I've been feeding her Royal Canin for about 2 wks now, had to switch of the Innova, she decided she didn't want it anymore. However she goes nuts over the Royal Canin 32 Large Breed Puppy food!

I usually feed her twice a day. Now the bag says to feed 3 7/8 per day depending for a dog around 44 lbs. Well I feed my girl twice a day 2 cups per meal which is 4 cups a day. However In a month she's only packed on about 6-7 lbs. Does this seem normal for a 4 month to be weighing less than 30 lbs?

I'm wondering if I should bump up the amount she is eating or start adding something else in to her meals. Right now about once or twice a week I'll give her about 1/2 cup of raw ground chicken gizzards to her meal. Eventually I would like to switch over to a raw fed diet. However I need to learn alot more about how to actually do it and what amounts of what are needed et cetra.

Any advice is appreciated. Thank You!


----------



## SchDDR (Dec 29, 2010)

You can't base weight on anything but the dog's appearance. What is thin for one dog is overweight for another based on bone structure, size, etc.

At 4 months old, you can start to see a hint of the last couple of ribs, and a nice abdominal tuck.

Can you post a good side photo of her standing, and one from above looking down at her spine? That's a far better indicator of over/under feeding than weight.

My 3 year old GSD's perfect weight [where she appears as described above] is 58-60 lbs.
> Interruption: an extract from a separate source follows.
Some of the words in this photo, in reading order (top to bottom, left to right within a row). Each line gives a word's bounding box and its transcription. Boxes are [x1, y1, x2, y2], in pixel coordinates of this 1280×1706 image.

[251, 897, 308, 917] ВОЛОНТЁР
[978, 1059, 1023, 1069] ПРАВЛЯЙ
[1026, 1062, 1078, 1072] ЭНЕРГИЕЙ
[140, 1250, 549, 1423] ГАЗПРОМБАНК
For many GSDs, that would be severely underweight, but she's a small, compact GSD.


----------



## onyx'girl (May 18, 2007)

How does she feel? You should be able to feel ribs, but not portruding bones. Pups vary so much in weight due to their lines, I wouldn't worry about how much she weighs. But be certain she is free of parasites. If she is going thru a growth spurt, up the portions, back down if she feels plump.
My pup was always much heavier than his female littermates and at maturity(well 22 mos) he is about 30# heavier than them. But he is not fat, just a male and bigger. He gained an average of 2# a week and was always in the range of his age(40# at 4 mos, 50# 5,etc.) He finally tapered off at about 9 mos. and is now 90# and 27"
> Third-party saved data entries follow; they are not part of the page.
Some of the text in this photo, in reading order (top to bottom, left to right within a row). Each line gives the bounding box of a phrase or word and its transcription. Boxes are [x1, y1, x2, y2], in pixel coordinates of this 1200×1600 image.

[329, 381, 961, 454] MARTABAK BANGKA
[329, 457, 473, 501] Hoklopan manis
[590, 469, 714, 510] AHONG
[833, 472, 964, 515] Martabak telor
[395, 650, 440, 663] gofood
Chicken gizzards aren't very nutritious, if you want to supplement with raw, give her something better than that!


----------



## SouthernNdN (Nov 17, 2010)

SchDDR, I'll defefinately get some pics posted.
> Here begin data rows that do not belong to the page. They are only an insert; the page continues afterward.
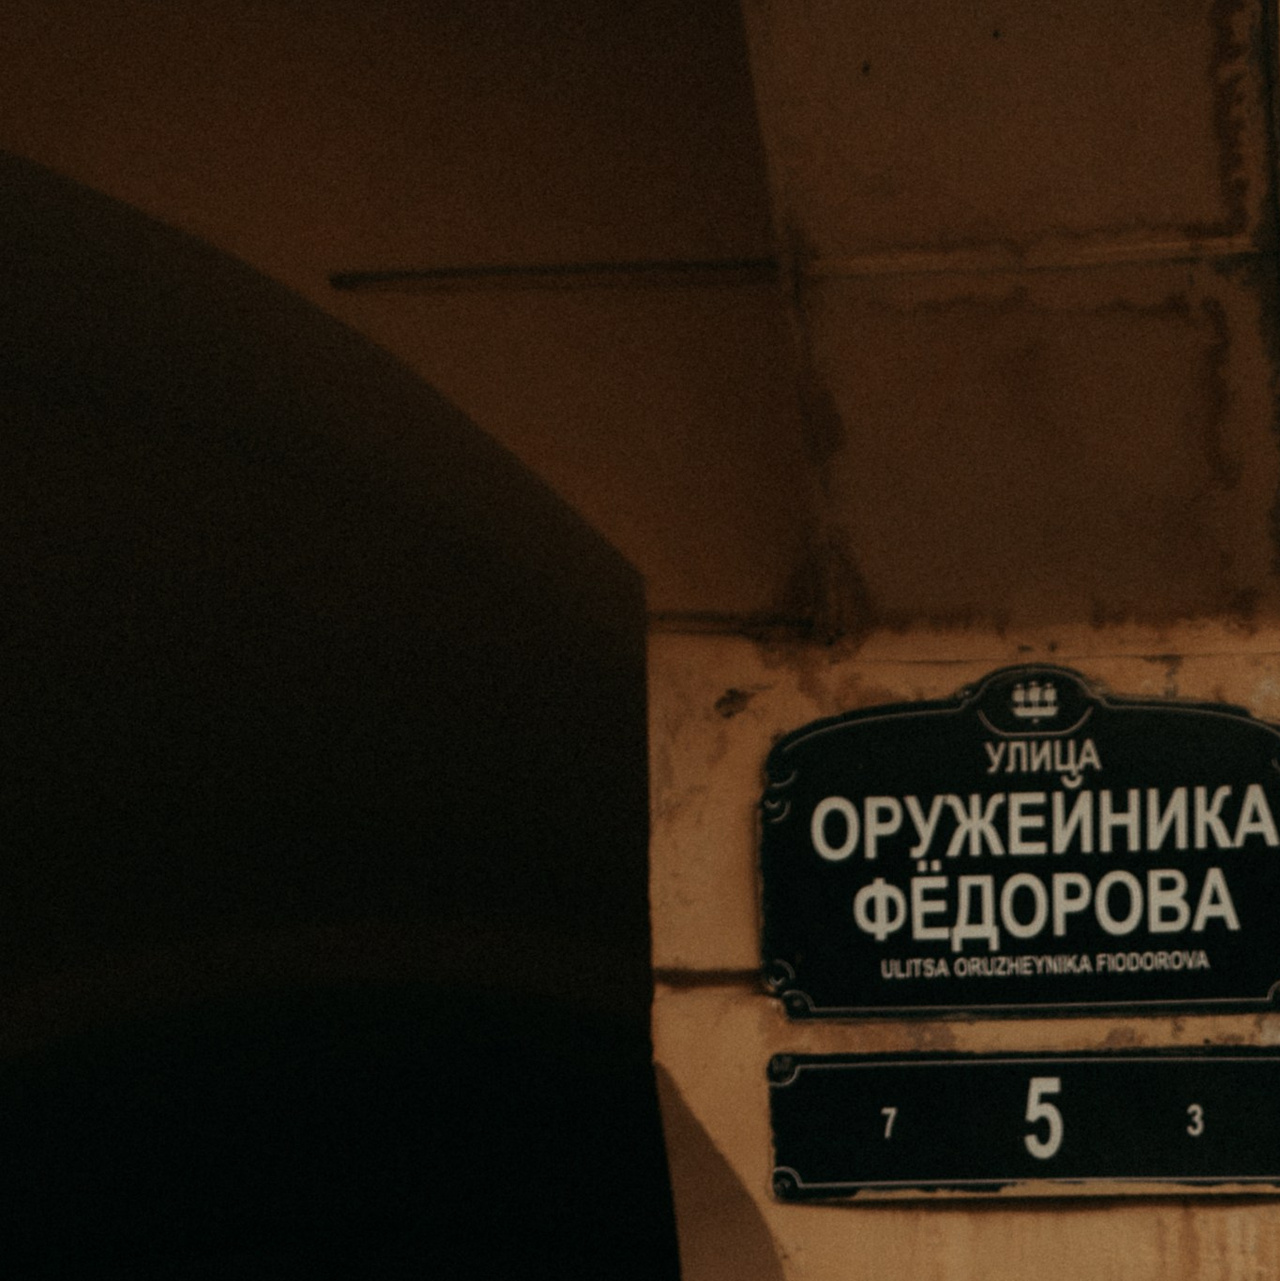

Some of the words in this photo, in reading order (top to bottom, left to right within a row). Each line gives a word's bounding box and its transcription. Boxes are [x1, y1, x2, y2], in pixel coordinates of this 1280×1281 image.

[985, 738, 1101, 775] УЛИЦА
[810, 774, 1280, 861] ОРУЖЕЙНИКА
[852, 859, 1241, 952] ФЁДОРОВА
[881, 957, 950, 979] ULITSA
[953, 953, 1093, 977] ORUZHEYNIKA
[1095, 949, 1211, 973] FIODOROVA
[880, 1106, 897, 1138] 7
[1023, 1076, 1064, 1159] 5
[1186, 1103, 1205, 1136] 3
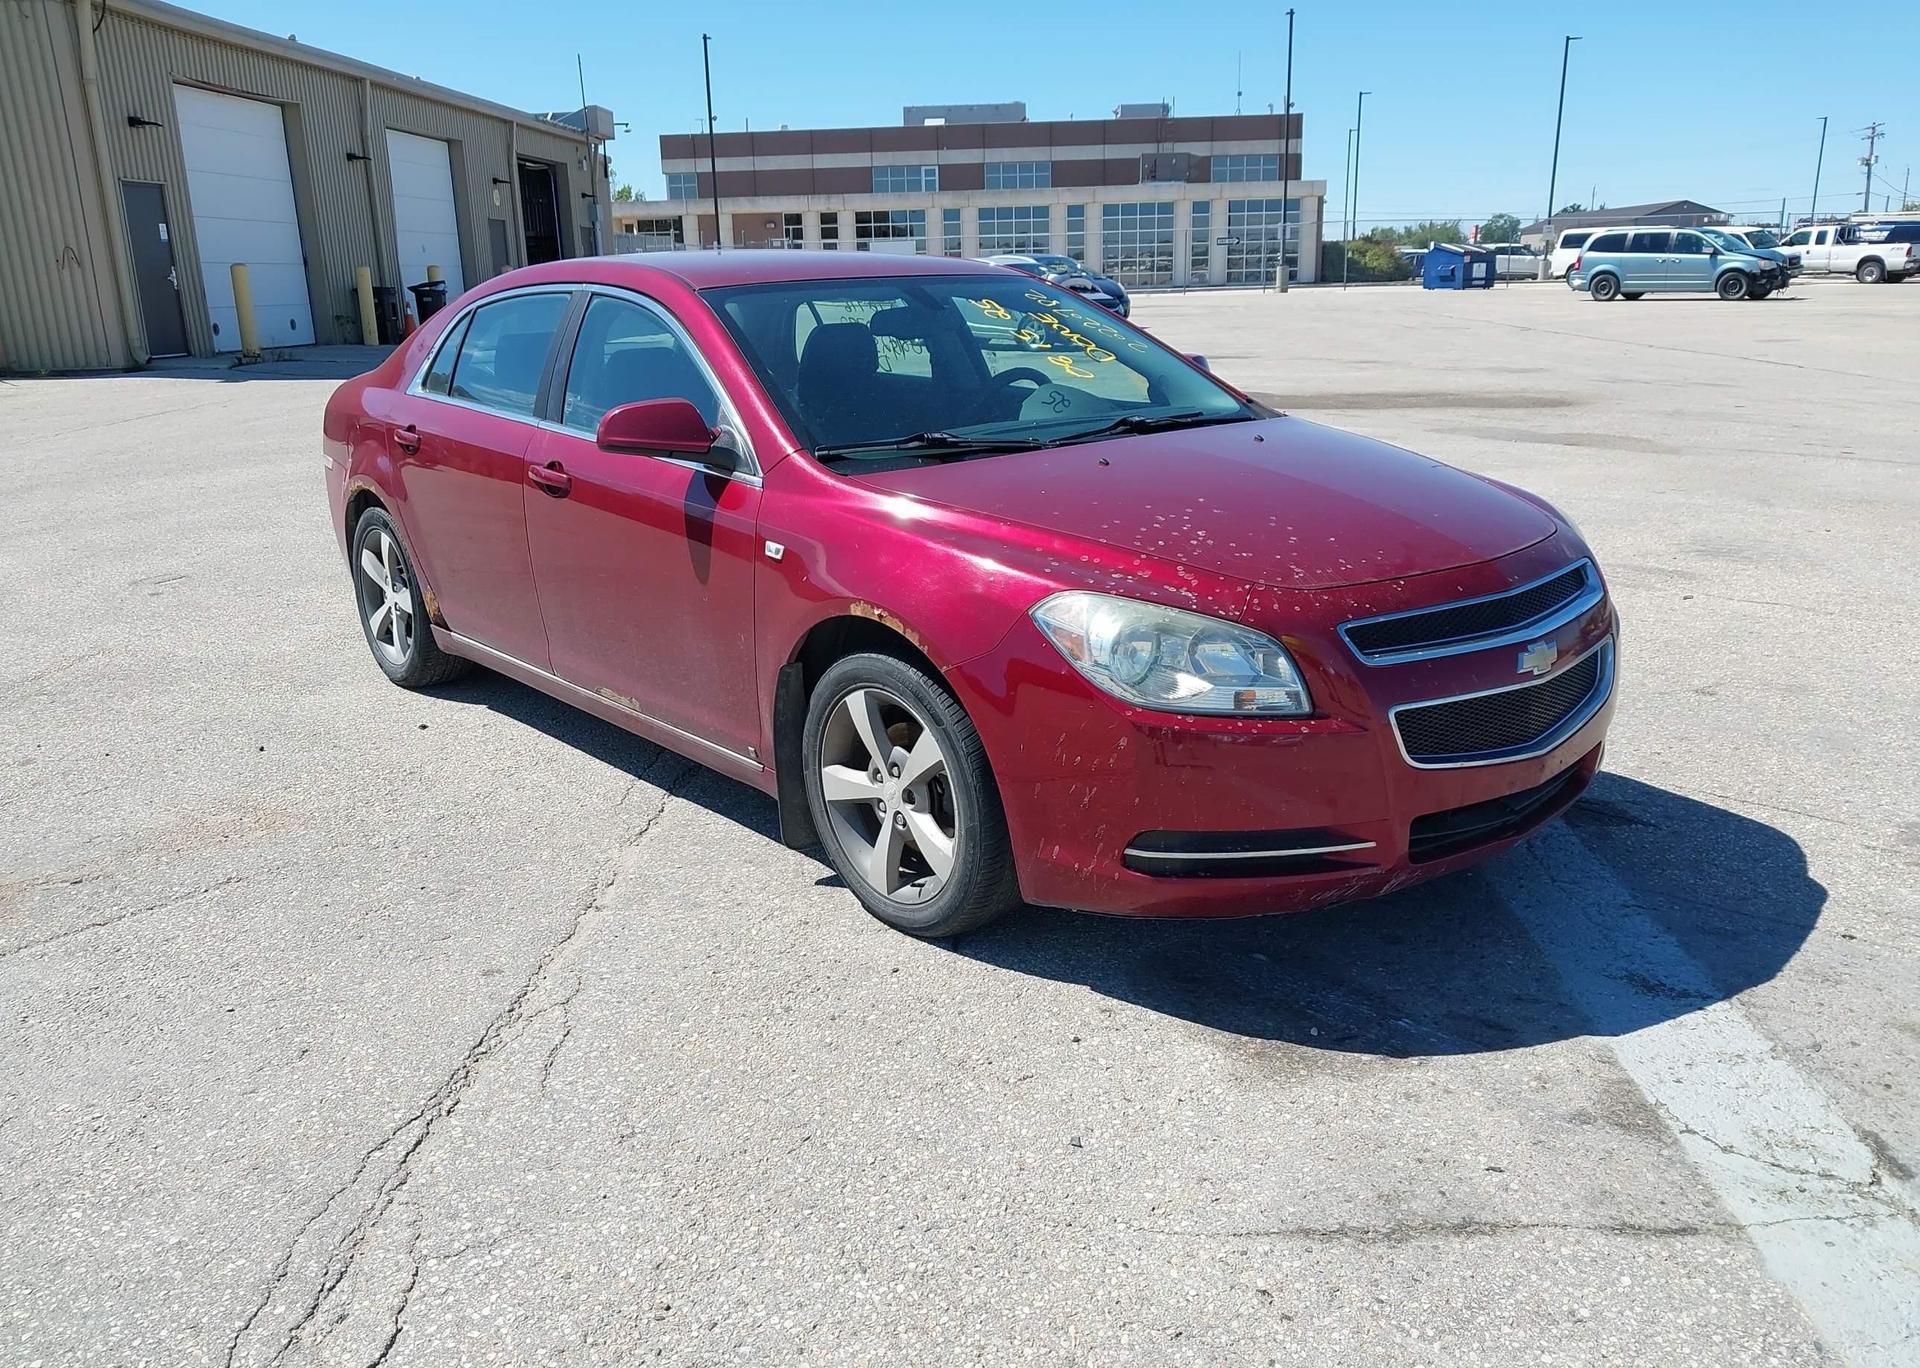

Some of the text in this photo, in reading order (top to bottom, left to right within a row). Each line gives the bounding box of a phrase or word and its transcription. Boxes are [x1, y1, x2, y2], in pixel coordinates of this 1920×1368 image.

[968, 299, 1012, 320] 25
[1027, 312, 1117, 362] DONE
[1041, 390, 1071, 413] 25
Onyx. Nutrient wise what would you suggest as a starter?

Also, I gave her a nucklebone or soup bone to gnaw on a few days ago. She has a complete blast with that! Thanfully I put her and it in her crate, because when she got fed up with it, she had stuff all over her! lol


----------



## SouthernNdN (Nov 17, 2010)

Here are a few shots. Not the best. But what I could do atm.


----------



## onyx'girl (May 18, 2007)

Where is her cute puppy face?! Come on, you put up pics and all we get are body shots??
She looks like she could put on a couple. Her coat in the last pic looks dry. Do you supplement with oils? 
I would go on Welcome to the Raw Dog Ranch for answers to your raw questions. Too much to learn and one post won't help as much as researching it.


----------



## SouthernNdN (Nov 17, 2010)

She's had alot of dandruff. Also, her undercoat is really really thick fur and it's the color of a smokey gray. I don't know if it's the puppy coat trying to blow out or what it is. I've brushed her numerous times a wk and really get nothing coming out.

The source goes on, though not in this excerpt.